On the desk interior, the writing surface is backed by a full-depth, butt-joined dustboard. The flush-mounted pigeonhole brackets are backed by small glue blocks. All of the dividers are miter-dadoed to each other and conventionally dadoed to the case sides. The dividers on both sides of the document drawers fit into dadoes on the top and the writing surface dustboard. On the document drawers, the sides are nailed into rabbets at the front and flush-nailed at the rear and bottom. The small drawer construction follows that on the bookcase drawers. The prospect door is carved from the solid.

Traditional dovetail construction is found on the case drawers, which also have slightly beveled bottom panels set into rabbets at the front and sides. The panels are secured along the sides with glued and sprig-nailed full-length glue strips mitered at the rear corners, and shorter glue blocks run across the front edges. The rear edges are flush-nailed.

Materials: Black walnut moldings, sides, doors, fall-board, Fall-board supports, drawer fronts, drawer and shelf blades, front part of writing surface, front section of bookcase shelf supports, vertical strips on inside rear corners of bookcase, and feet; yellow pine back boards, top boards, bottom boards, drawer secondaries, dustboards, rear part of writing surface, rear section of bookcase shelf supports, and glue blocks; beech foot plinths.
Label:One of the earliest southern desks and bookcases in the CWF collection is this black walnut example attributed to Robert Walker, a native of Scotland who worked in King George County, Virginia, and environs.

Ball-and-claw feet are relatively rare on southern case furniture, although identically shaped feet appear on at least two of Walker's case pieces and on many of his chairs (CWF accs. 1938-199 and 1972-230).
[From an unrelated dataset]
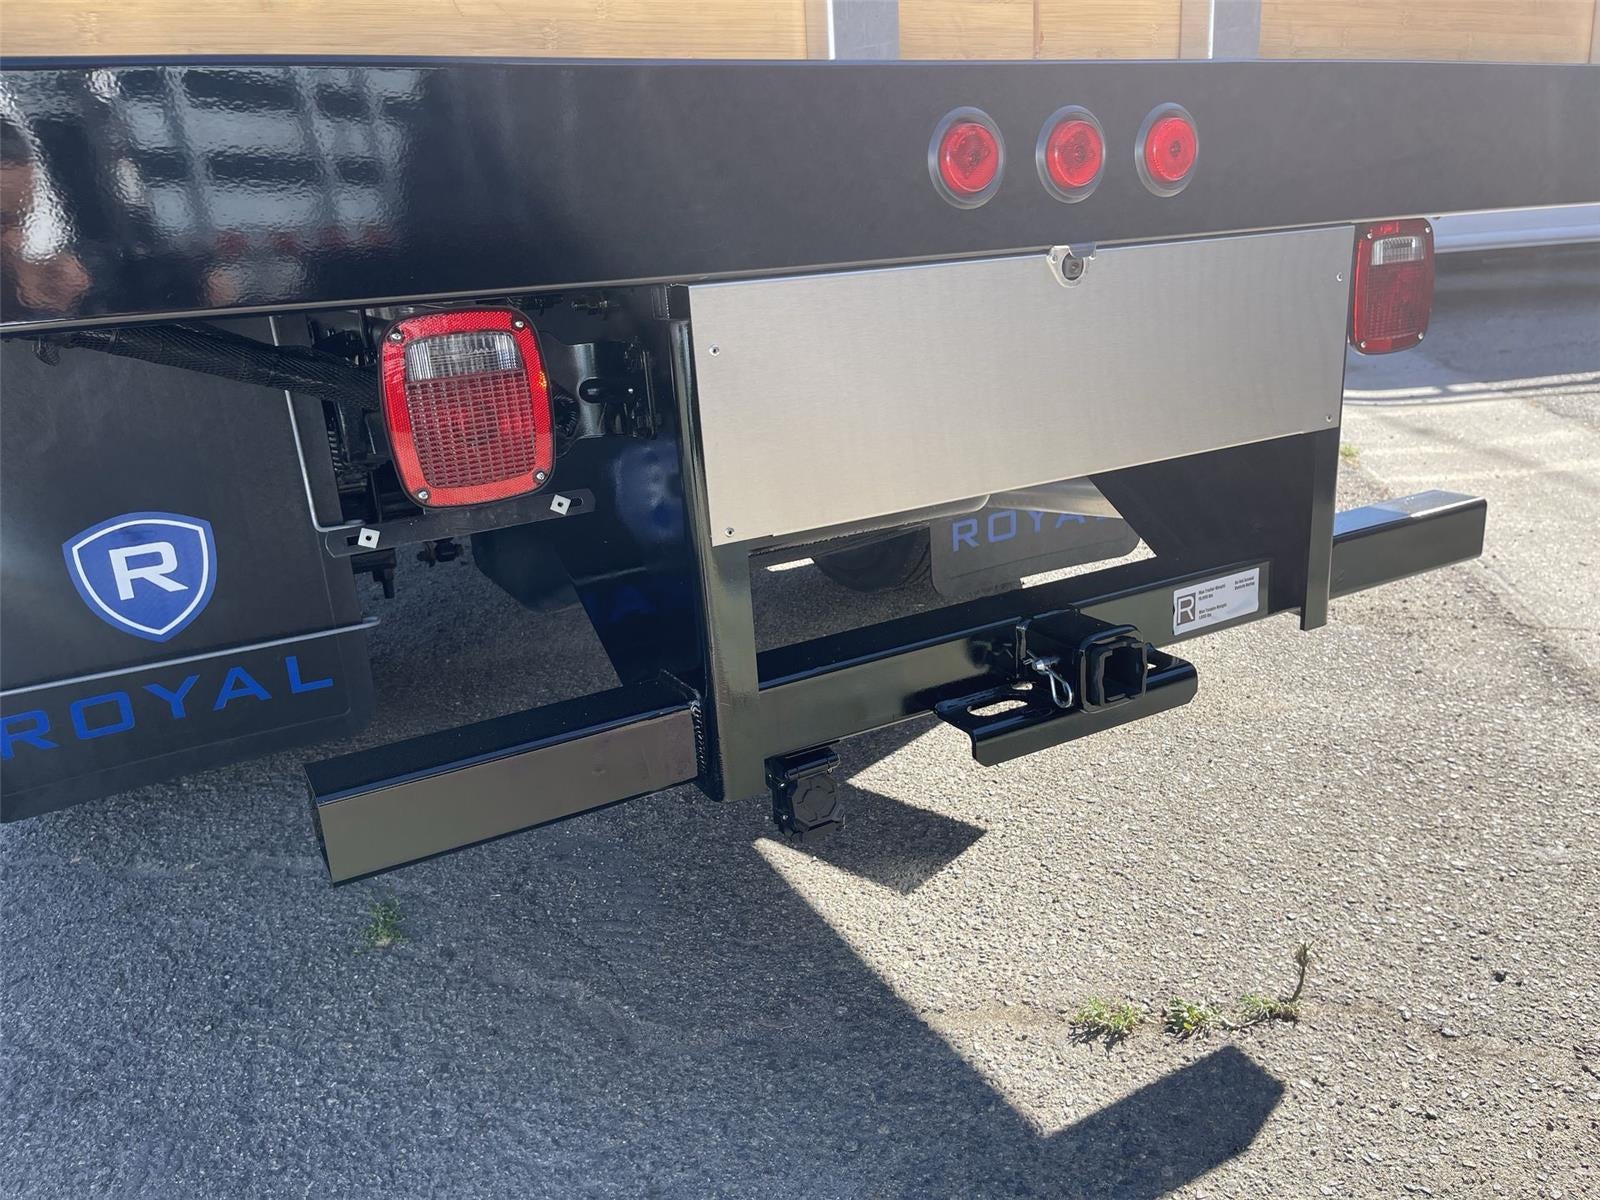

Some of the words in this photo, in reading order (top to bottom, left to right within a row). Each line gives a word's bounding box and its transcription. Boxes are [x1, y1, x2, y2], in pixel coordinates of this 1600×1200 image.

One of his more unusual case forms is a cabinet-like desk and bookcase made entirely of painted yellow pine despite the presence of the relatively costly carved feet (now in the collection of Mount Vernon). The lower case of this distinctive object features a pair of doors that conceal a series of closely spaced vertical dividers for the storage of ledger books. The bookcase matches the CWF example in the use of adjustable shelves and a many-drawered lower section. Its doors feature arched panels, however.



Provenance:This piece has no recorded history prior to CWF's acquisition from an eastern Pennsylvania collector in 1976. An inscription on an interior drawer makes reference to Point Lookout. Point Lookout is a parcel of land in St. Mary's County, Maryland, at the confluence of the Potomac River and Chesapeake Bay. King George County, Virginia, location of the shop of Robert Walker, also borders on the Potomac River.
Mark(s):A modern "H" is stamped in ink on one of the interior desk drawer sides.
Inscription(s):There are a variety of modern pencil assembly marks on the backs, bottoms, and sides of the small drawers of the desk and bookcase. A modern inventory number, "1602/103," is written on the interior of the upper case drawer. In pencil on one of the interior desk drawers, "Pretty Point / a day to be remembered / company of the Maine (?) / Point look out and point look in / point no point and point again / point look in."